» Exercise description: Word for word, give the records again, dropping any picture they hold.

» Data records:
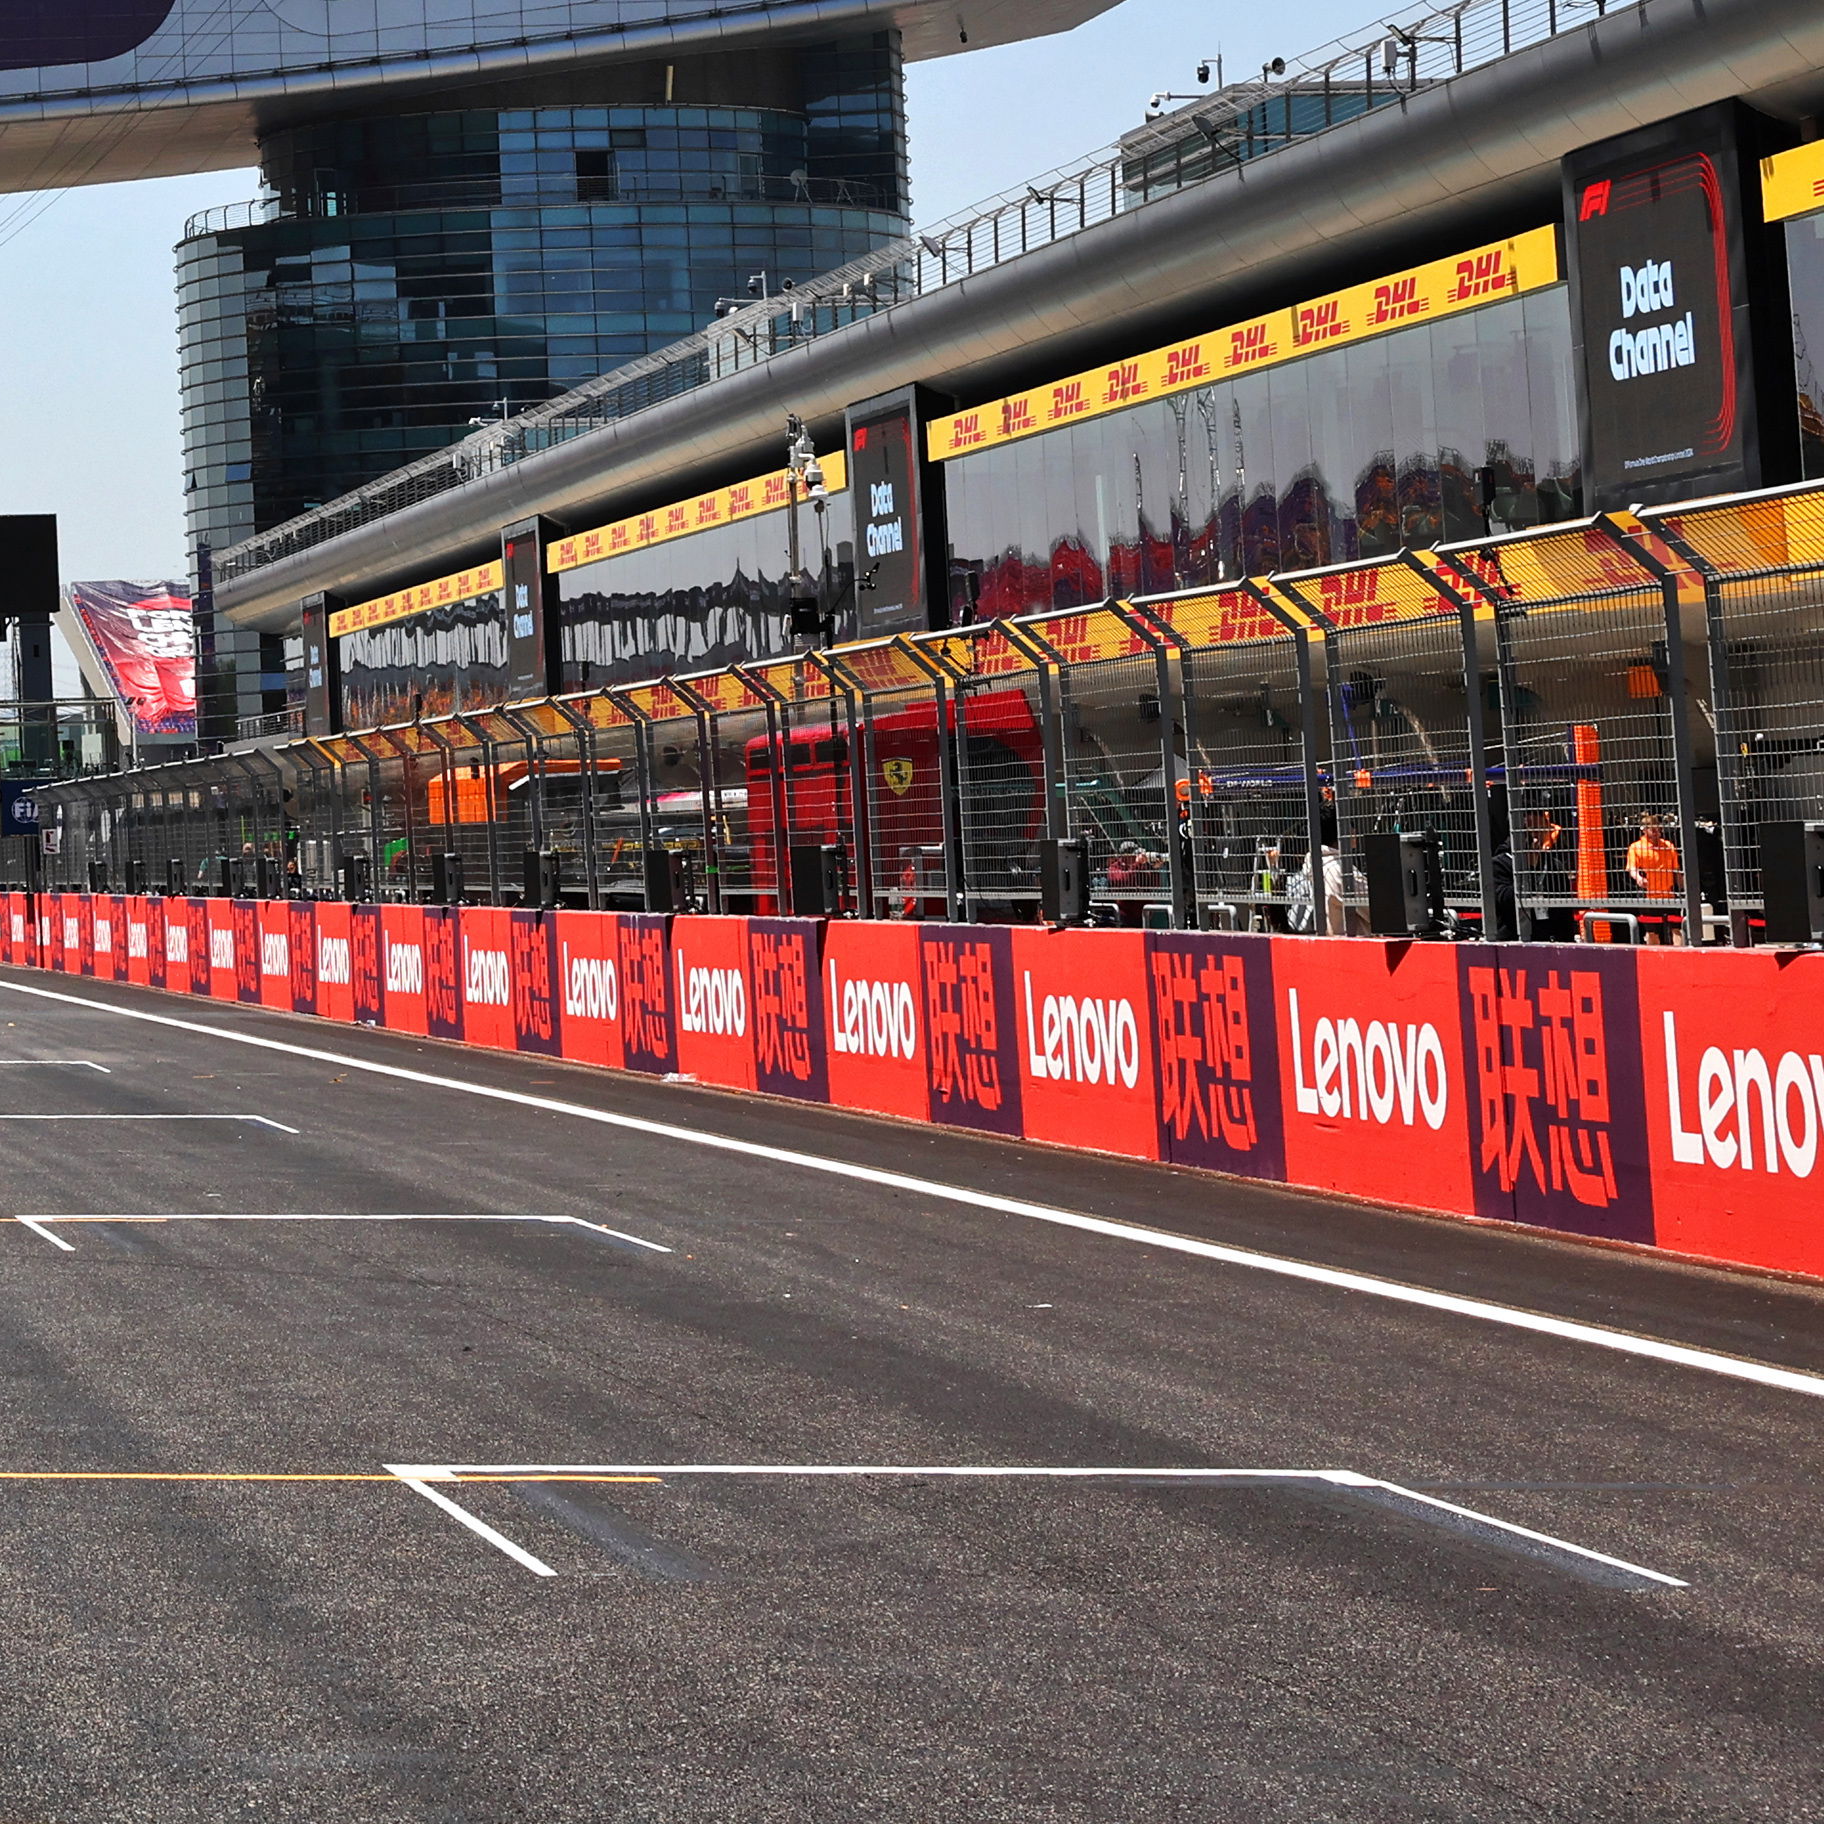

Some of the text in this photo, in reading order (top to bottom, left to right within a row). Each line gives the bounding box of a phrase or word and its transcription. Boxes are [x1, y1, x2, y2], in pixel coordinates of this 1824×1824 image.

[1370, 277, 1424, 325] DHL
[1450, 251, 1510, 303] DHL
[1620, 259, 1674, 318] Data
[1230, 324, 1273, 366] DHL
[1299, 301, 1345, 347] DHL
[1609, 312, 1696, 381] Channel
[1106, 364, 1145, 403] DHL
[1164, 345, 1207, 385] DHL
[999, 399, 1034, 434] DHL
[1051, 382, 1086, 418] DHL
[951, 414, 984, 448] DHL
[870, 481, 894, 517] Data
[866, 517, 903, 557] Channel
[164, 914, 188, 964] Lenovo
[208, 918, 235, 970] Lenovo
[259, 921, 289, 977] Lenovo
[317, 924, 350, 985] Lenovo
[384, 929, 423, 995] Lenovo
[463, 934, 510, 1007] Lenovo
[563, 941, 617, 1021] Lenovo
[620, 927, 669, 1059] 联想
[677, 948, 746, 1038] Lenovo
[752, 932, 812, 1081] 联想
[829, 958, 916, 1060] Lenovo
[923, 941, 1003, 1111] 联想
[1024, 970, 1139, 1089] Lenovo
[1152, 951, 1259, 1151] 联想
[1288, 987, 1447, 1130] Lenovo
[1467, 966, 1620, 1208] 联想

» Output of the task:
Some of the text in this photo, in reading order (top to bottom, left to right within a row). Each line gives the bounding box of a phrase or word and its transcription. Boxes are [x1, y1, x2, y2], in pixel coordinates of this 1824×1824 image.

[1370, 277, 1424, 325] DHL
[1450, 251, 1510, 303] DHL
[1620, 259, 1674, 318] Data
[1230, 324, 1273, 366] DHL
[1299, 301, 1345, 347] DHL
[1609, 312, 1696, 381] Channel
[1106, 364, 1145, 403] DHL
[1164, 345, 1207, 385] DHL
[999, 399, 1034, 434] DHL
[1051, 382, 1086, 418] DHL
[951, 414, 984, 448] DHL
[870, 481, 894, 517] Data
[866, 517, 903, 557] Channel
[164, 914, 188, 964] Lenovo
[208, 918, 235, 970] Lenovo
[259, 921, 289, 977] Lenovo
[317, 924, 350, 985] Lenovo
[384, 929, 423, 995] Lenovo
[463, 934, 510, 1007] Lenovo
[563, 941, 617, 1021] Lenovo
[620, 927, 669, 1059] 联想
[677, 948, 746, 1038] Lenovo
[752, 932, 812, 1081] 联想
[829, 958, 916, 1060] Lenovo
[923, 941, 1003, 1111] 联想
[1024, 970, 1139, 1089] Lenovo
[1152, 951, 1259, 1151] 联想
[1288, 987, 1447, 1130] Lenovo
[1467, 966, 1620, 1208] 联想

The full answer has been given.